- **Exercise requirements**:
Start to finish, retype the entries exactly while omitting the pictures.

- **Available data**:
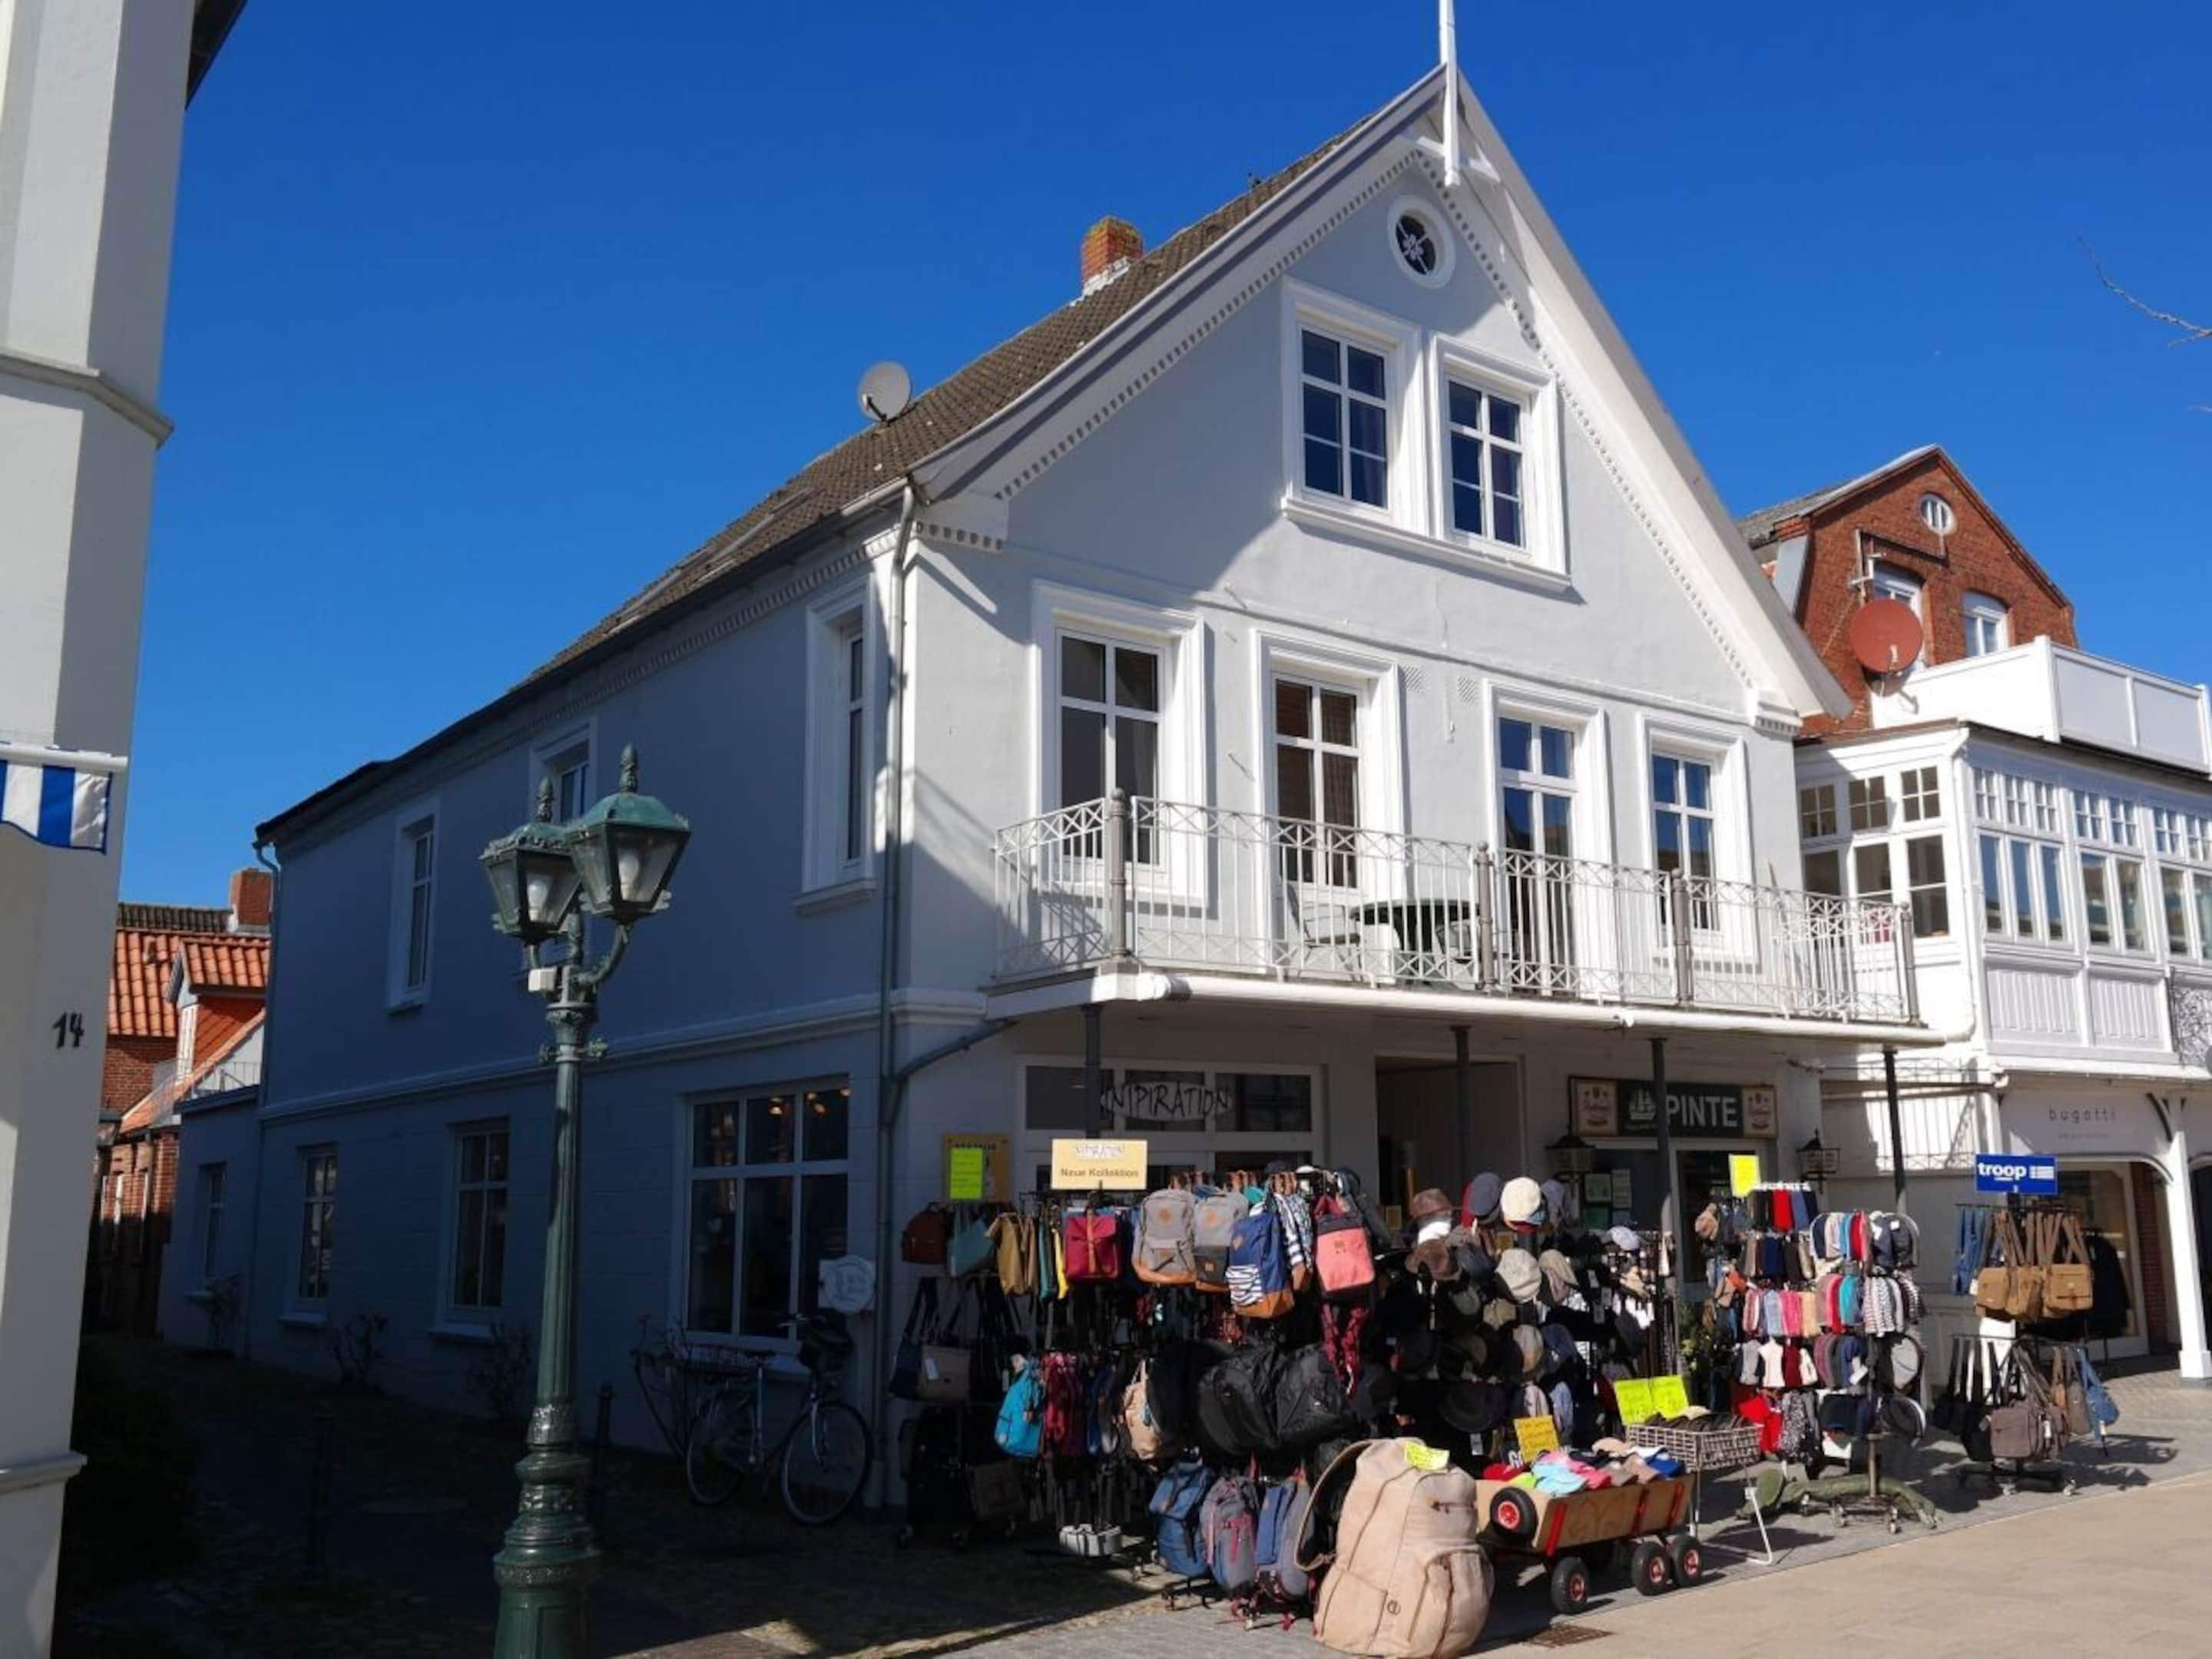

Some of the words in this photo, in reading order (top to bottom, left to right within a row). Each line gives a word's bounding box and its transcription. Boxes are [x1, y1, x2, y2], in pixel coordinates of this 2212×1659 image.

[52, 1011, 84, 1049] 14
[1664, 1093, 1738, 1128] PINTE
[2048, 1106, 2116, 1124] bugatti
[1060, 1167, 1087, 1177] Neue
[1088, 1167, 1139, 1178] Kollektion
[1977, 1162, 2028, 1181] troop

- **Solved exercise**:
Some of the words in this photo, in reading order (top to bottom, left to right within a row). Each line gives a word's bounding box and its transcription. Boxes are [x1, y1, x2, y2], in pixel coordinates of this 2212×1659 image.

[52, 1011, 84, 1049] 14
[1664, 1093, 1738, 1128] PINTE
[2048, 1106, 2116, 1124] bugatti
[1060, 1167, 1087, 1177] Neue
[1088, 1167, 1139, 1178] Kollektion
[1977, 1162, 2028, 1181] troop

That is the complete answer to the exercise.